PROVIDED RECORDS section start

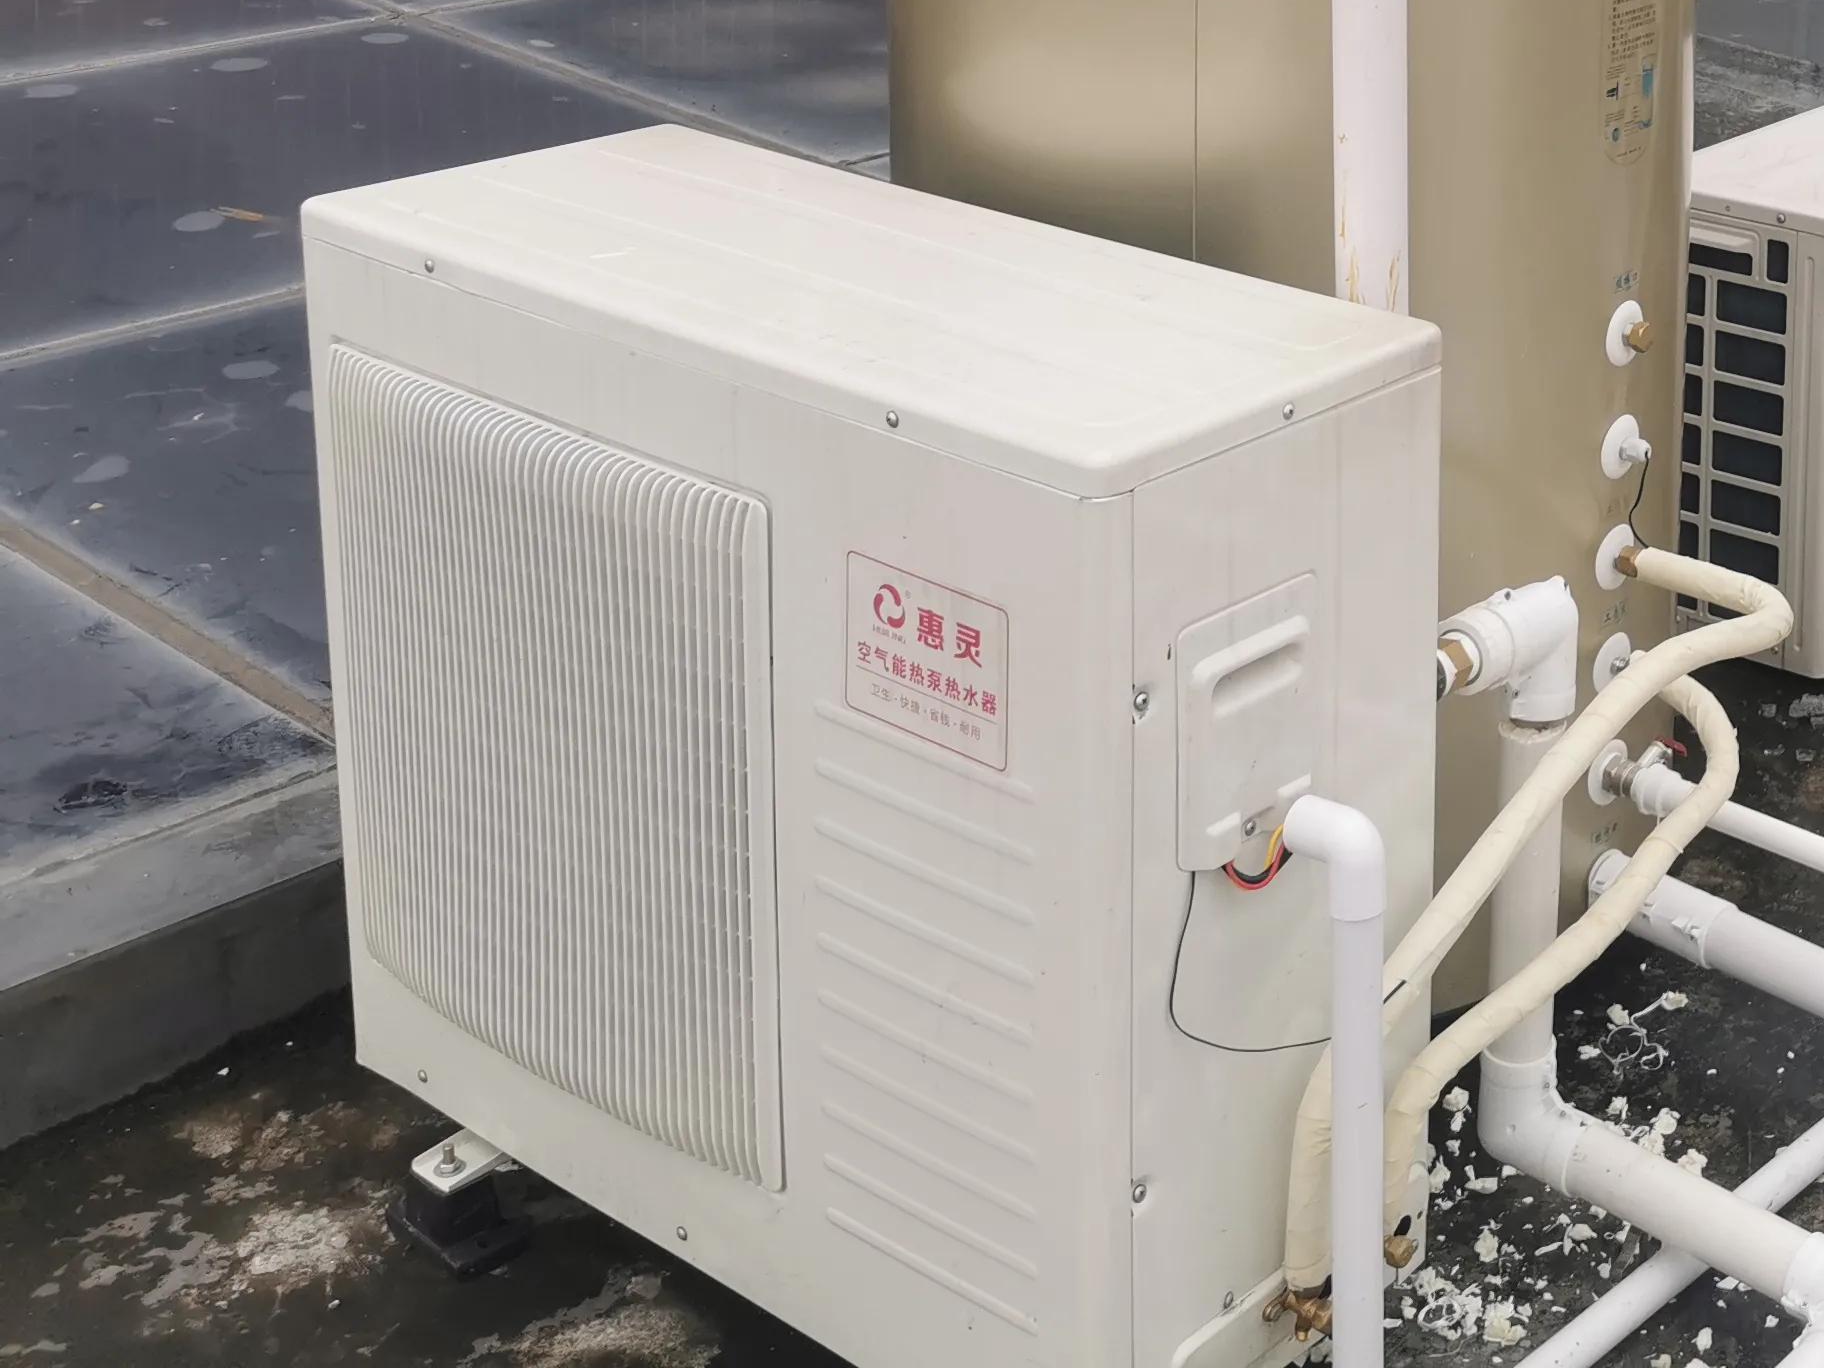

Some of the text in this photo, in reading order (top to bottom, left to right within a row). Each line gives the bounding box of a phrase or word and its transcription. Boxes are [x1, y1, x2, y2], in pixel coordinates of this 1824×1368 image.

[917, 607, 982, 668] 惠灵
[857, 640, 997, 716] 空气能热泵热水器
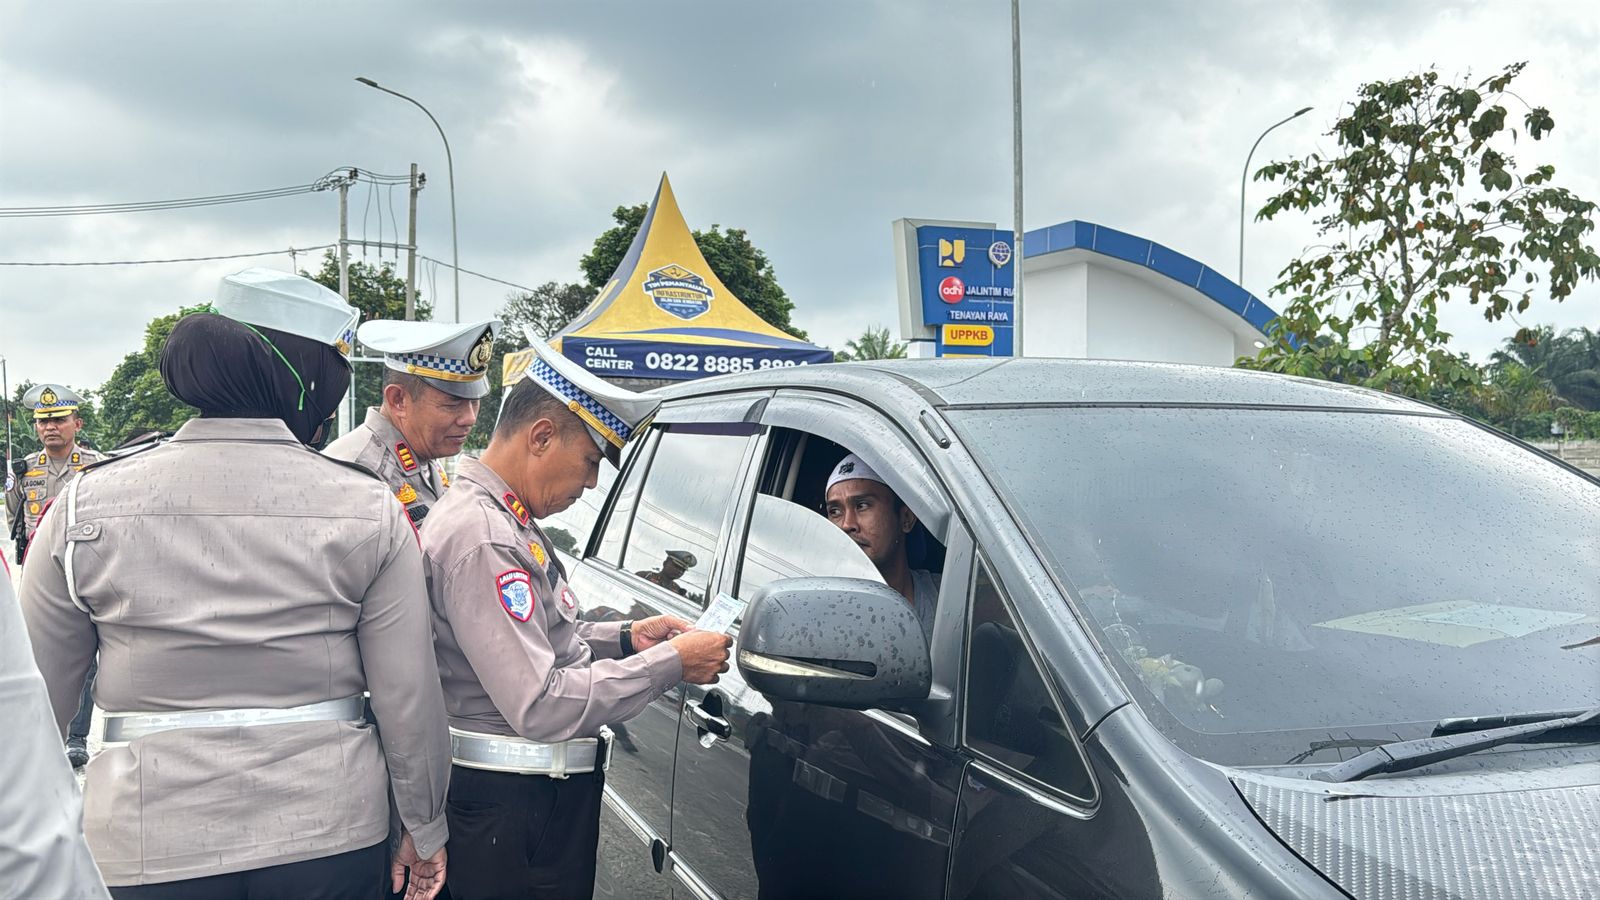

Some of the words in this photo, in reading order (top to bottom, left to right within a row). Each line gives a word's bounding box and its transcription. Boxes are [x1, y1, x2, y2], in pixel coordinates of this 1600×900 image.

[943, 286, 963, 295] adhi
[966, 286, 1002, 296] JALINTIM
[1003, 287, 1015, 297] RIA
[950, 310, 986, 320] TENAYAN
[988, 311, 1008, 321] RAYA
[950, 329, 988, 340] UPPKB
[585, 346, 618, 358] CALL
[585, 358, 634, 370] CENTER
[645, 352, 699, 372] 0822
[703, 355, 754, 373] 8885

PROVIDED RECORDS section end

### HOW TO COMPLETE THIS TASK
Copy the data character for character, but drop all pictures from the copy.

### OUTPUT FOR THIS EXERCISE
Some of the text in this photo, in reading order (top to bottom, left to right within a row). Each line gives the bounding box of a phrase or word and its transcription. Boxes are [x1, y1, x2, y2], in pixel coordinates of this 1824×1368 image.

[917, 607, 982, 668] 惠灵
[857, 640, 997, 716] 空气能热泵热水器

Some of the words in this photo, in reading order (top to bottom, left to right within a row). Each line gives a word's bounding box and its transcription. Boxes are [x1, y1, x2, y2], in pixel coordinates of this 1600×900 image.

[943, 286, 963, 295] adhi
[966, 286, 1002, 296] JALINTIM
[1003, 287, 1015, 297] RIA
[950, 310, 986, 320] TENAYAN
[988, 311, 1008, 321] RAYA
[950, 329, 988, 340] UPPKB
[585, 346, 618, 358] CALL
[585, 358, 634, 370] CENTER
[645, 352, 699, 372] 0822
[703, 355, 754, 373] 8885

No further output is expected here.